Normal equation in Excel (statistics)
I'm attempting to learn about statistics in the infrastructure asset management industry.
I have an existing exponential regression equation that is used to find the condition of a given asset:
Y = B - eax
In a related question, someone has suggested that I "can get variable a
directly from the normal equation":
Basic Exponential Regression
That sounds promising.
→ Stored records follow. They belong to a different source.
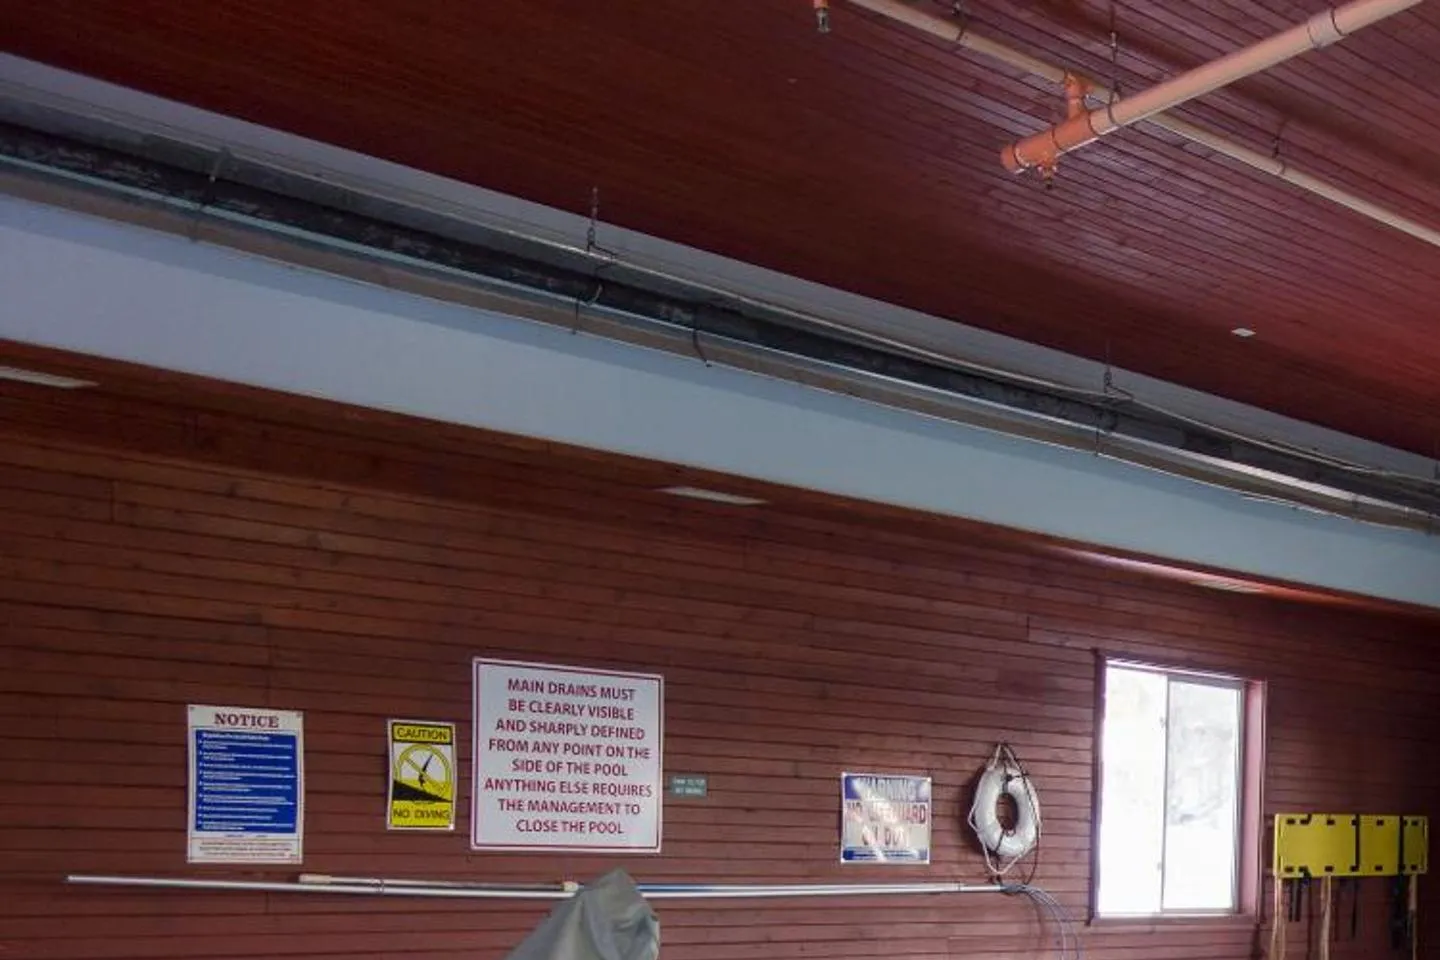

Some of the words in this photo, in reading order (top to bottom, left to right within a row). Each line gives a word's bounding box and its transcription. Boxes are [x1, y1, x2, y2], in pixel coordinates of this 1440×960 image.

[507, 679, 545, 694] MAIN
[548, 682, 598, 699] DRAINS
[600, 687, 636, 701] MUST
[508, 699, 526, 713] BE
[529, 700, 585, 717] CLEARLY
[588, 706, 635, 721] VISIBLE
[214, 713, 280, 728] NOTICE
[496, 719, 527, 733] AND
[529, 720, 588, 737] SHARPLY
[591, 725, 645, 740] DEFINED
[397, 727, 448, 740] CAUTION
[488, 738, 529, 752] FROM
[531, 741, 560, 753] ANY
[563, 743, 604, 756] POINT
[606, 745, 625, 758] ON
[627, 746, 651, 760] THE
[511, 758, 542, 773] SIDE
[545, 761, 564, 773] OF
[566, 762, 591, 775] THE
[594, 763, 629, 777] POOL
[484, 778, 556, 793] ANYTHING
[559, 781, 589, 794] ELSE
[592, 783, 653, 798] REQUIRES
[393, 807, 410, 818] NO
[414, 808, 450, 820] DIVING
[497, 798, 524, 812] THE
[527, 799, 622, 815] MANAGEMENT
[623, 803, 641, 816] TO
[516, 819, 557, 833] CLOSE
[562, 820, 585, 834] THE
[588, 821, 625, 835] POOL
But as someone who doesn't have a background in math, I'm having trouble converting the mathematical notation in that equation to Excel syntax.
Question:
How can I calculate the normal equation using Excel 2016 syntax/formulas?
Solution 1:
Here's an alternative that deals with the issue you raised in your comment to the answer posted on math.stackexhange
Your model is:
y = B - exp(a*x)
and you have, a priori, determined that B = 21.
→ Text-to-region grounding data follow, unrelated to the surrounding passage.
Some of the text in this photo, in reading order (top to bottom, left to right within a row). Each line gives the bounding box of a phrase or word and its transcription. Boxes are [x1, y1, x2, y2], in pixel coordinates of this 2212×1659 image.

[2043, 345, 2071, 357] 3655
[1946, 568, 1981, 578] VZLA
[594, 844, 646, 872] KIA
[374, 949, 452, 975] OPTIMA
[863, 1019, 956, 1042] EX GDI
The model is not an exact relationship between the y(i) and x(i) values, so it is usual to add an error term e(i) and represent the model as
y(i) = B - exp(a*x(i)) + e(i)
The values of y estimated by the model for each of the x values are denoted by y'(i) where
y'(i) = B - exp(a*x(i))
The method of least squares aims to pick the value of a which minimises the sum of the squares of the differences between the actual y(i) values and the corresponding estimated or y'(i) values.
y(i) - y'(i) = [B - exp(a* x(i)) + e(i)] - [B - exp(a*x(i))] = e(i)
So the sum of the squares of the differences between the y(i) and y'(i) values is
Sum[(y(i) - y'(i))^2] = Sum[e(i)^2]
The right hand side is the sum of the squared error terms, so is called the Error Sum of Squares or ESS.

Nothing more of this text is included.